[GIVEN ENTRIES — start]
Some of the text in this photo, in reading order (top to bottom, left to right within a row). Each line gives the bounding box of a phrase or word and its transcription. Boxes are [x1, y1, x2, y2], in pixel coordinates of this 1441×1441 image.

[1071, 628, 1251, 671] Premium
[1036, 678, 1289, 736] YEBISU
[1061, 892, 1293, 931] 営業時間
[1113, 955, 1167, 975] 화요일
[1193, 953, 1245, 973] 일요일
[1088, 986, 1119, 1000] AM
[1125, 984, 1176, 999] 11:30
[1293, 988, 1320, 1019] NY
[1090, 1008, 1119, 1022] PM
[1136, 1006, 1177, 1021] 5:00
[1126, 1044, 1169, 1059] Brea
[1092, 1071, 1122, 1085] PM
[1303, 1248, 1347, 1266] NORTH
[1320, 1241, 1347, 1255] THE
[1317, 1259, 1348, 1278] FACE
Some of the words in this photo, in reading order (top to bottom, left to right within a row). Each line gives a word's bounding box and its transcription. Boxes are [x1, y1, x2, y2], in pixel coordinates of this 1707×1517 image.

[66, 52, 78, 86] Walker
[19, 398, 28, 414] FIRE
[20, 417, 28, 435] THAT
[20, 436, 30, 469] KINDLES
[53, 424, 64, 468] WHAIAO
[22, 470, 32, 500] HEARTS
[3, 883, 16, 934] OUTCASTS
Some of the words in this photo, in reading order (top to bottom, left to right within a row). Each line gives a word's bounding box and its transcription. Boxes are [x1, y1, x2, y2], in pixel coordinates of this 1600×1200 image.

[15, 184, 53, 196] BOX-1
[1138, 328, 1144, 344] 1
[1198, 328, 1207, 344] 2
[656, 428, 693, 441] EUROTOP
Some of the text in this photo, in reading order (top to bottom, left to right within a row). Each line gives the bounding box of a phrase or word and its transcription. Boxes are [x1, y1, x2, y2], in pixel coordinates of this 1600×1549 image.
[GIVEN ENTRIES — finish]
* _EXERCISE_:
Only these lines should appear in the reply: the one containing "this 1600×1200 image.", the last line of the data, and all lines between them, each copied exactly.

* _ANSWER BELOW_:
Some of the words in this photo, in reading order (top to bottom, left to right within a row). Each line gives a word's bounding box and its transcription. Boxes are [x1, y1, x2, y2], in pixel coordinates of this 1600×1200 image.

[15, 184, 53, 196] BOX-1
[1138, 328, 1144, 344] 1
[1198, 328, 1207, 344] 2
[656, 428, 693, 441] EUROTOP
Some of the text in this photo, in reading order (top to bottom, left to right within a row). Each line gives the bounding box of a phrase or word and its transcription. Boxes are [x1, y1, x2, y2], in pixel coordinates of this 1600×1549 image.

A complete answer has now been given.